The saving is influenced by the economic politicians that the State of a country has (this can affect the interest rates and other variables that affect the saving). The changes in the interest rate, for example, they can make the savers to be motivated or desmotivados to save. An increase in the interest rates can make the savers to have more reasons to diminish its consumption and to save, or he/she can have the opposed effect. To equals entrance levels, it depends on two well-known goods as effect entrance and effect substitution. As well as the increase of the interest rates can motivate the savers to consume less to save more, it can happen that, to the biggest being the yield of the saving, you can complete the goal of foreseen accumulation dedicating a portion bigger than the entrance to the present consumption. This rise in the interest rates can be due, for example, to the forms in that the government obtains the resources for his activities. If the government decides to request borrowed resources to the financial system in a significant amount, the interest rates will ascend.
The saving is equally important for the economic future of any nation. The production of a company, for example, involves some resources that are limited, as the earth. If this wants to improve their production and he/she has problems with limited resources, it should look for how to improve their production being based on investments (for example in technology or in machines). If the company saves during a certain period, he/she will have the possibility to consent more easily, through credits, to those machineries or that technology or other economic resources. Equally, if the banks keep more savings in the minds, they will have more money to lend and it won't be necessary that people, the companies or the State request overseas resources. This, in general, facilitates and it motivates the economic activity and the growth in a country.
* Plan of pensions
* Public debt
* Saving Fund
* Investment in species
or Purchase of immovableses or Investment in brick.
or In philately
The public debt is for example an instrument that you/they use the states to solve the problem of the punctual lack of money,:
* When one needs a minimum of treasury (money in box) to confront the most immediate payments.
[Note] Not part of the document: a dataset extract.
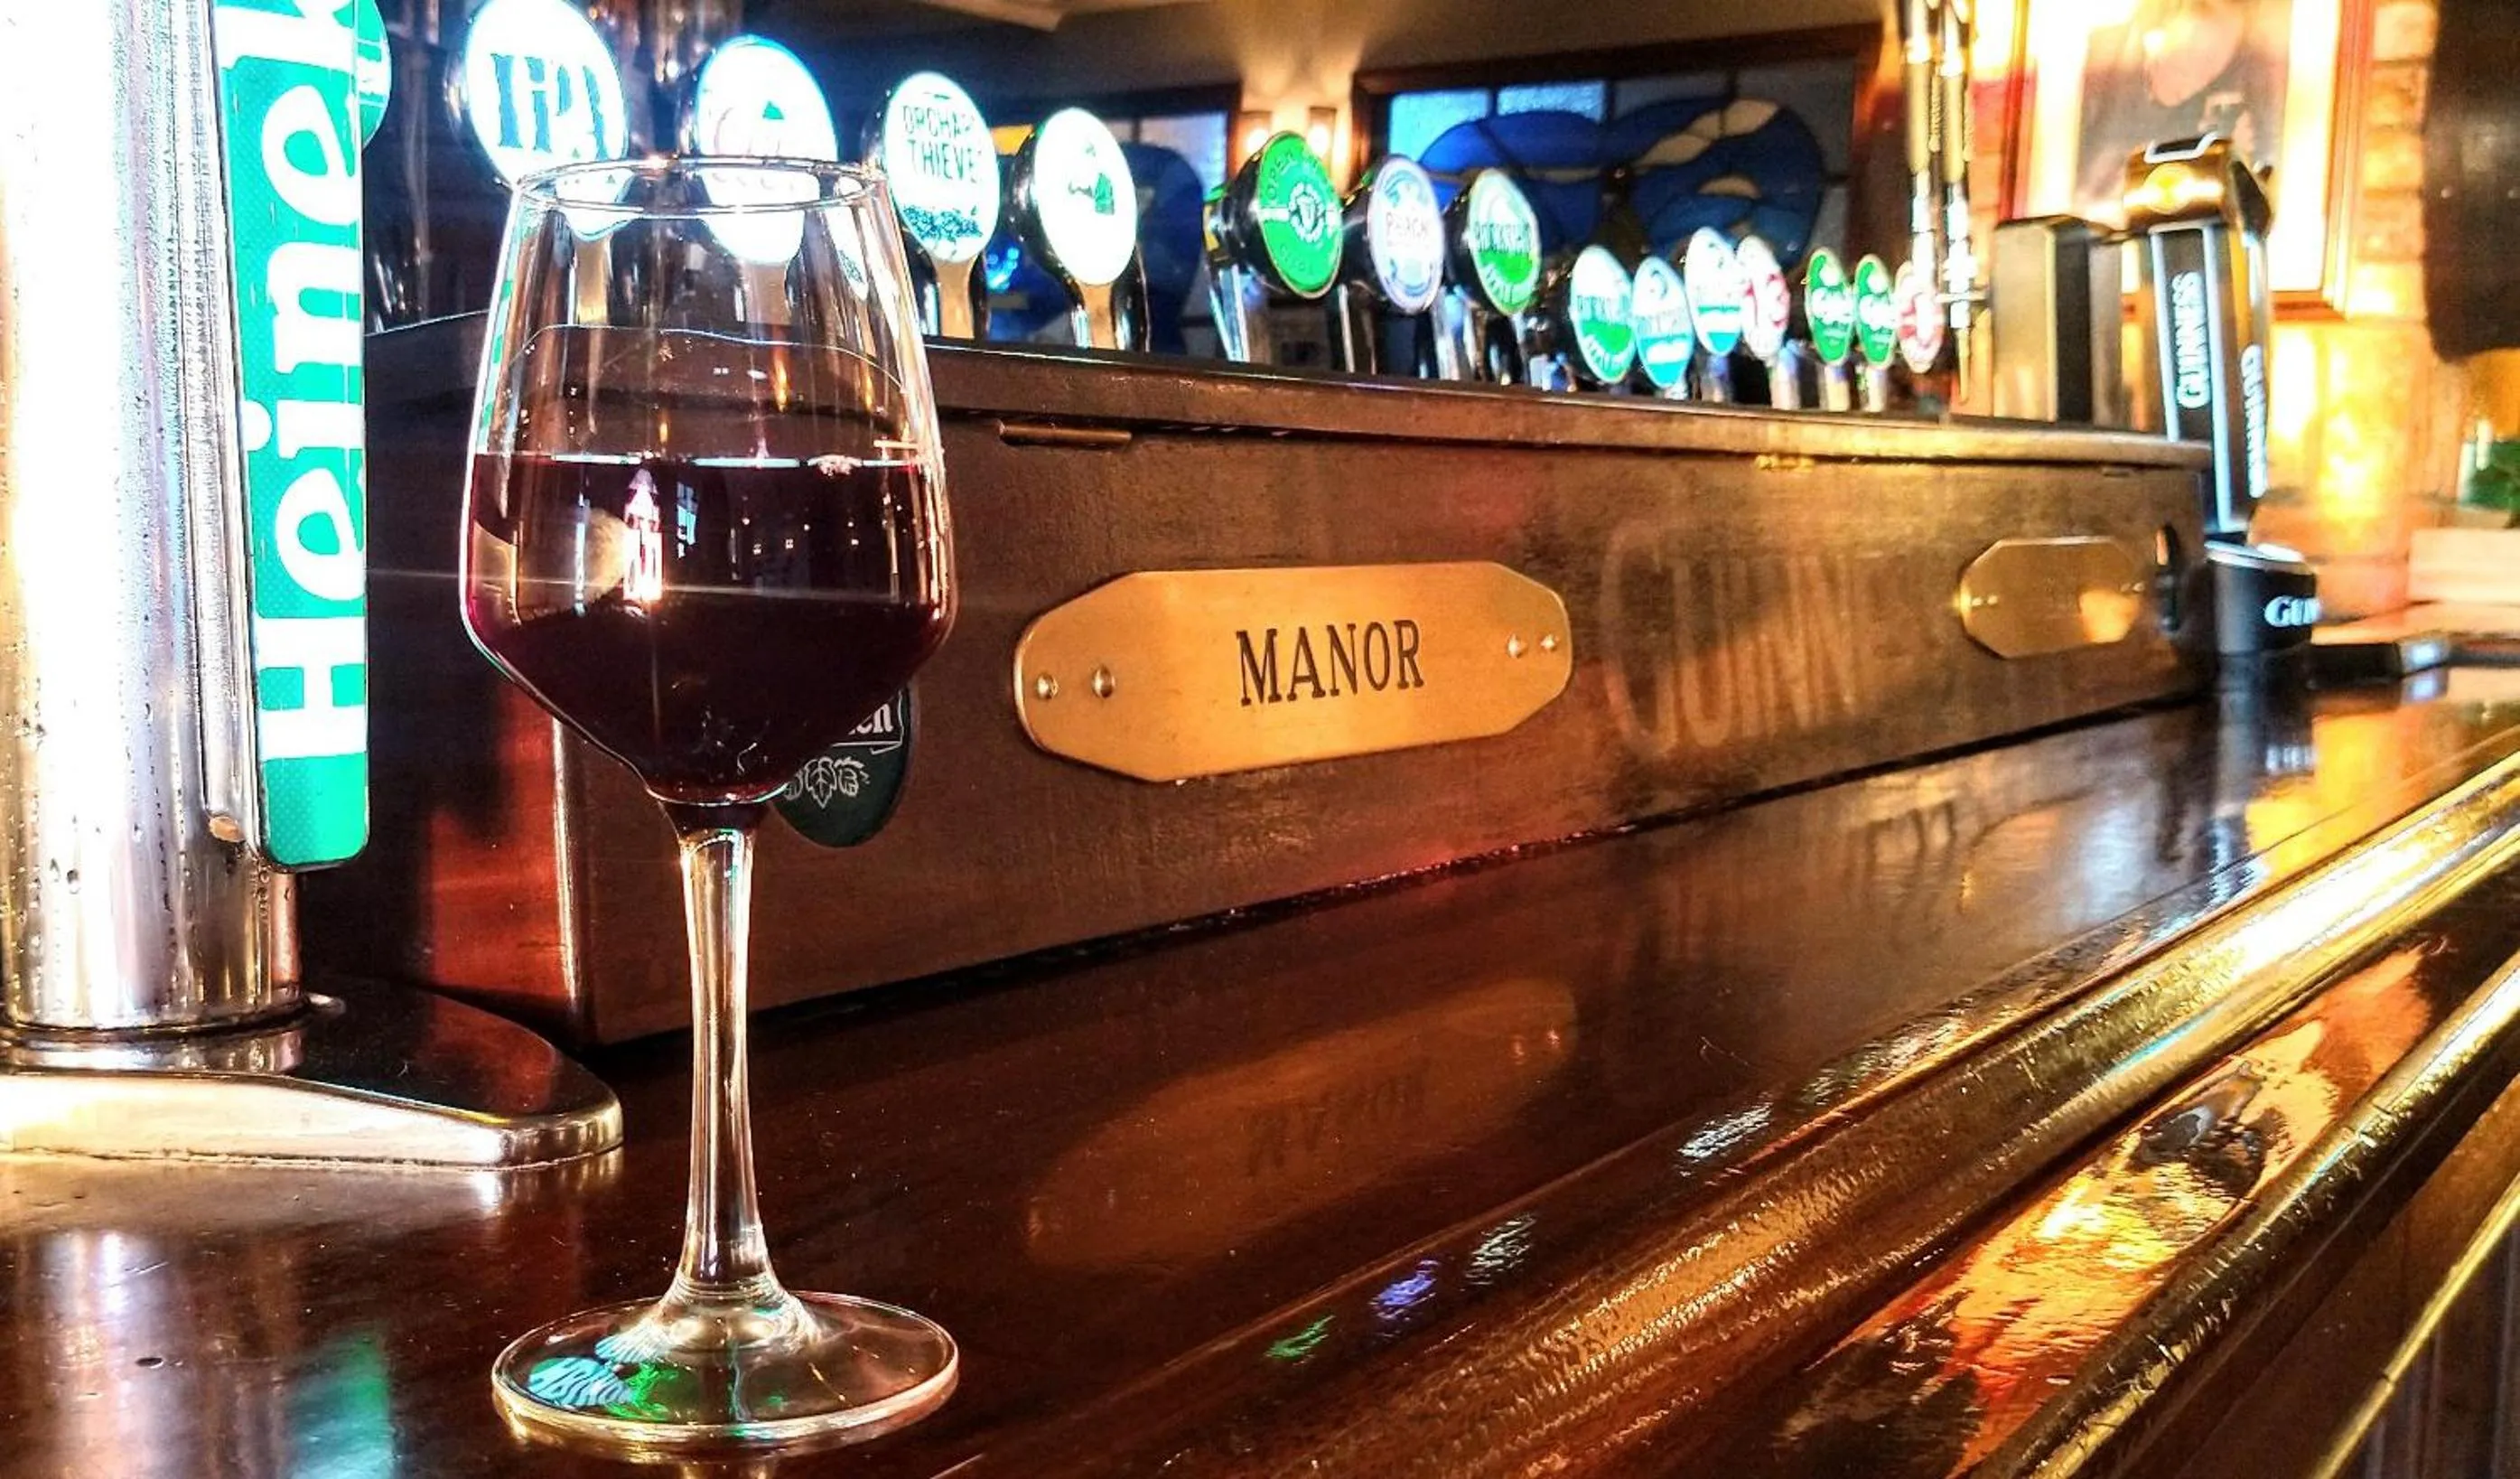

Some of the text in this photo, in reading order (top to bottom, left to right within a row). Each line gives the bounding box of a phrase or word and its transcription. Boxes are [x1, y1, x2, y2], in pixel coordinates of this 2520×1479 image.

[902, 103, 975, 140] ORCHA
[906, 137, 983, 185] THIEVE
[2171, 271, 2212, 408] GUINNESS
[1235, 618, 1425, 707] MANOR
* When one needs to finance operations to half and I release term, fundamentally investments.
According to the specific type of problem, the State can emit (to buy or to sell) financial assets as funds, obligationses or letters of the treasure, and this way to assist the biggest expenses that cannot be compensated with the revenues of the public country property.
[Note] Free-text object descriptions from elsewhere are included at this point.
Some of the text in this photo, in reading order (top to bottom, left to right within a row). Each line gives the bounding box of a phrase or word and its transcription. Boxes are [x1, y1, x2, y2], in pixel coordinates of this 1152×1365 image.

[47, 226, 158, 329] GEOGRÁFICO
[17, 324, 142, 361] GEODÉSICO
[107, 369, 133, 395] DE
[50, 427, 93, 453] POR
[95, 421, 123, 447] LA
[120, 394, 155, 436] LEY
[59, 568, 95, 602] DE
For example, in several countries, the State emits mainly three types of holding:
* Letters of the Treasure
* Funds of the State or Funds of the Public Debt
* Obligationses of the State
Habitually, the debt securities are seen as very reliable investment instruments, due to the great recovery security and to the yields that generate, because - except for exceptional cases - the public entities complete their obligationses. For the same thing they are considered of low risk. Anyway, and depending on each country, the rating agencies qualify the risk creditico that can be bigger or smaller, and that it serves from reference to the investors when demanding an adult or smaller interest.
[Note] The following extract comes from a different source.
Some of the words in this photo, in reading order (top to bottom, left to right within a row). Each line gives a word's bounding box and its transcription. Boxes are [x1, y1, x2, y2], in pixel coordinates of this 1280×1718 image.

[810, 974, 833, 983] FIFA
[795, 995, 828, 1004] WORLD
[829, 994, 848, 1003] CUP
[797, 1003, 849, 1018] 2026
The public debt as mechanism to motivate the economy
The indebtedness is an instrument of the monetary policy and fiscal of the States. Thanks to the public sale and purchase of evidences of indebtedness, a State can increase or to reduce the quantity of money in circulation:
* If there is inflation, it has more than enough money in the market. The State can sell public debt (to change holding for money), it stops this way to reduce the quantity of money in circulation.
* If there is deflation, the State he/she can buy the public evidences of indebtedness (to give money in exchange for them) to contribute more money to the market.
In the European Union, since the monetary policy has been given to the European Central Bank, the States have limits in the quantity of public debt that you/they can emit, since it would be a form of interfering in the common monetary policy.
The public debt as instrument of the bond market
The public debt is structured to fixed term. Until the expiration he/she doesn't recover the investment. In and of itself, to the states it interests them the existence of a stock market in which you/they are negotiated the securities.
This way, if a person wants to recover her investment, a buyer of his securities looks for that will pay him something more than what he found difficult the title (although the price depends on the evolution of the types of interest). This makes much more attractive the public debt for the investors, when increasing the liquidity.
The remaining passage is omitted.